Strange GCC short int conversion warning

Question

I have a bit of C code, which goes exactly like this:

short int fun16(void){
    short int a = 2;
    short int b = 2;
    return a+b;
}

When I try to compile it with GCC, I get the warning:

warning: conversion to 'short int' from 'int' may alter its value [-Wconversion]
  return a+b;
          ^

Though there is no visible conversion. Both operands are short and even the returning value is short as well. So, what's the catch?

Answer 1

Quoting the standard (§6.3.1.1 ¶2):

The following may be used in an expression wherever an int or unsigned int may be used:

• An object or expression with an integer type (other than int or unsigned int ) whose integer conversion rank is less than or equal to the rank of int and unsigned int .
• A bit-field of type _Bool , int , signed int , or unsigned int .

If an int can represent all values of the original type, the value is converted to an int ; otherwise, it is converted to an unsigned int . These are called the integer promotions . All other types are unchanged by the integer promotions.
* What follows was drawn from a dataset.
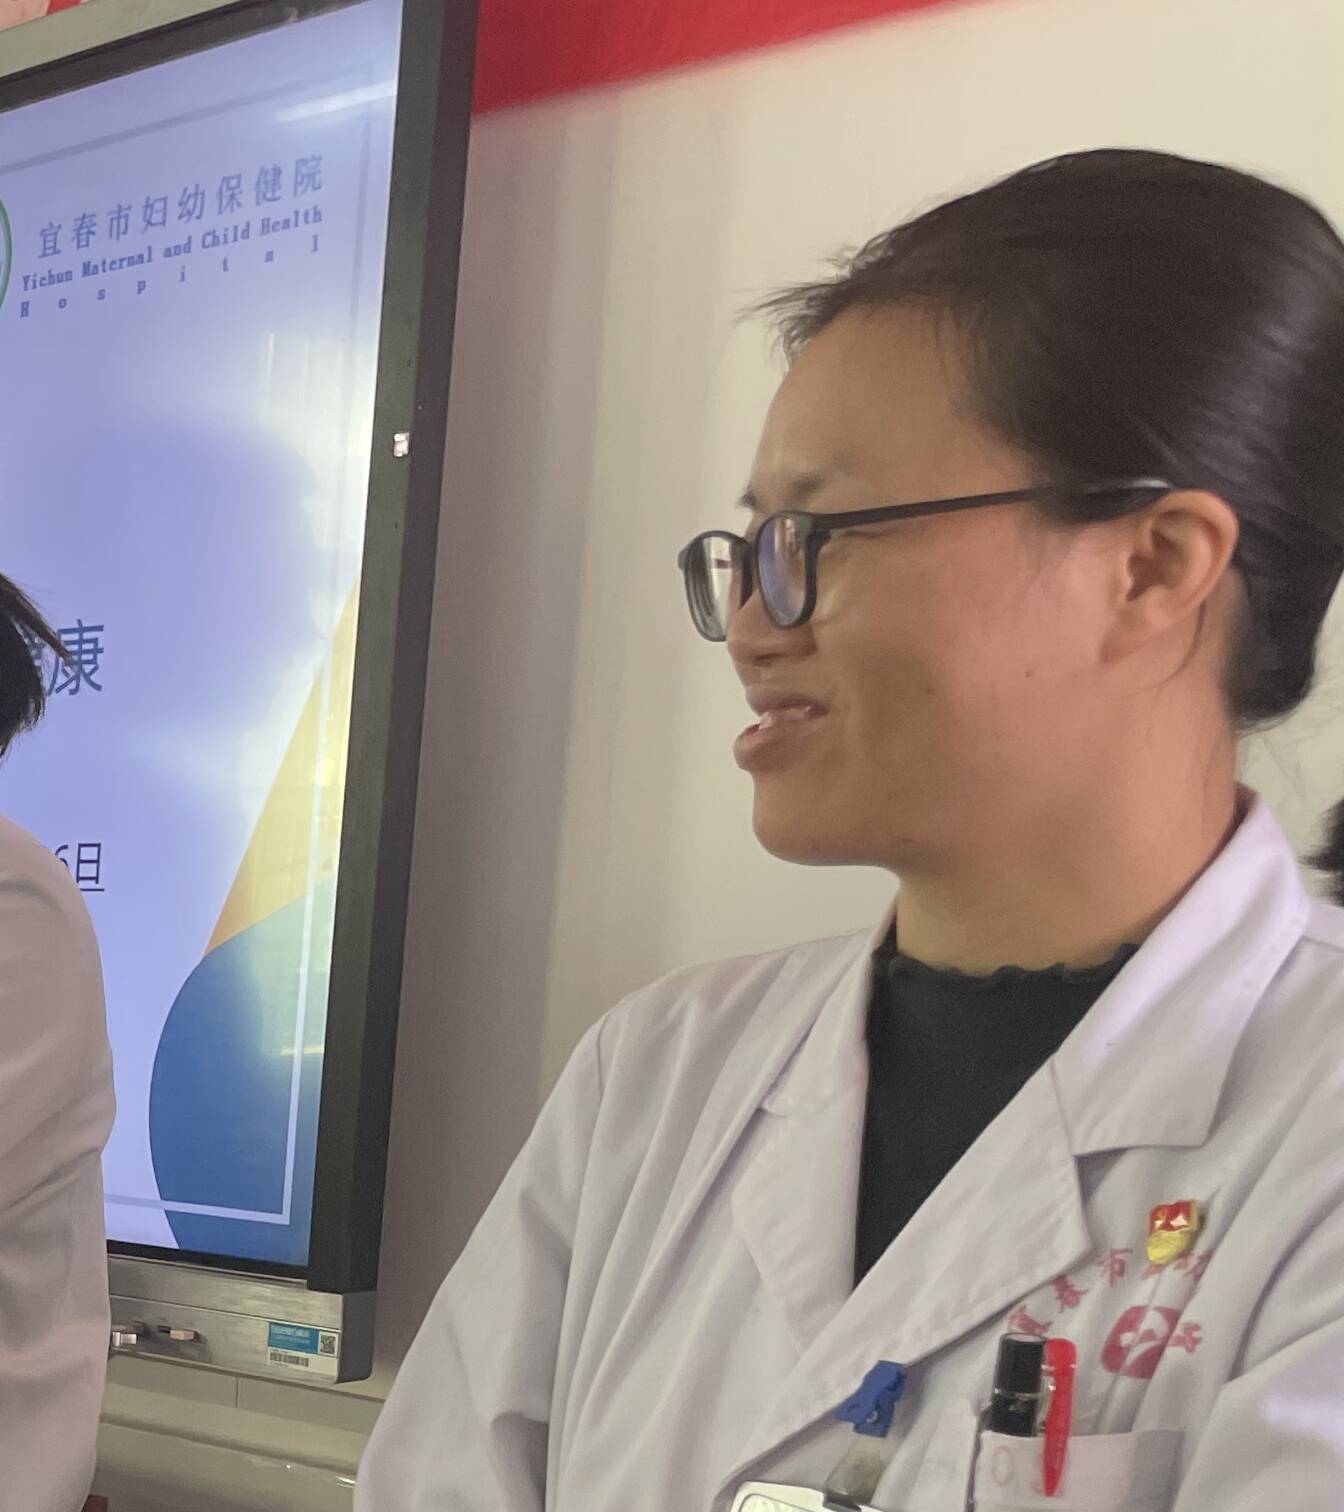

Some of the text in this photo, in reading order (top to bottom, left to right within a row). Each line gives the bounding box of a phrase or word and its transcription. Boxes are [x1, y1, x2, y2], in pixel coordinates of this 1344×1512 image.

The -Wconversion flag warns about:

Warn for implicit conversions that may alter a value. This includes conversions between real and integer, like abs (x) when x is double ; conversions between signed and unsigned, like unsigned ui = -1; and conversions to smaller types, like sqrtf (M_PI) . Do not warn for explicit casts like abs ((int) x) and ui = (unsigned) -1 , or if the value is not changed by the conversion like in abs (2.0) . Warnings about conversions between signed and unsigned integers can be disabled by using -Wno-sign-conversion .

Answer 2

When you do arithmetic computations, the operands are subject to "the usual arithmetic conversions" (a superset of the "integer promotions" quoted in Acme's answer —he beat me to this but I'll go ahead and post anyway :-) ). These widen short int to plain int , so:

a + b

computes the same result as:

((int) a) + ((int) b)

The return statement must then narrow this int to a short int , and this is where gcc produces the warning.

Answer 3

From The C Programming Language section 2.7 Type Conversion

• If either operand is long double , convert the other to long double .
• Otherwise, if either operand is double , convert the other to double .
• Otherwise, if either operand is float , convert the other to float .
• Otherwise, convert char and short to int .
• Then, if either operand is long , convert the other to long .

Answer 4

当两个操作数都很short ，它们在算术运算中被隐式提升为int 。

Answer 5

If an int can represent all values of the original type, the value is converted to an int; otherwise, it is converted to an unsigned int. These are called the integer promotions. All other types are unchanged by the integer promotions.

Refer the following post: Why must a short be converted to an int before arithmetic operations in C and C++?

Answer 6

GCC will only perform these implicit upscaling to int on operations which generate temporaries:

++i
i += 2

will not generate temporaries.

i = j + 1

will.

The following code:

std::cout << sizeof(i) << " "
<< sizeof(i + 1) << " " 
<< sizeof(i + static_cast<unsigned short>(1)) << " " 
<< sizeof(static_cast<unsigned short>(i) + static_cast<unsigned short>(1)) << " " 
<< sizeof(++i) << " " 
<< sizeof(i + 0x0F) << " " 
<< sizeof(i += 1) << std::endl;

Will give the following output in either release or debug modes: 2 4 4 4 2 4 2

Indicating that while some things may suppress the warning, they don't actually stop the compiler upscaling to int. So to lose the warning, stop the generation of temporaries.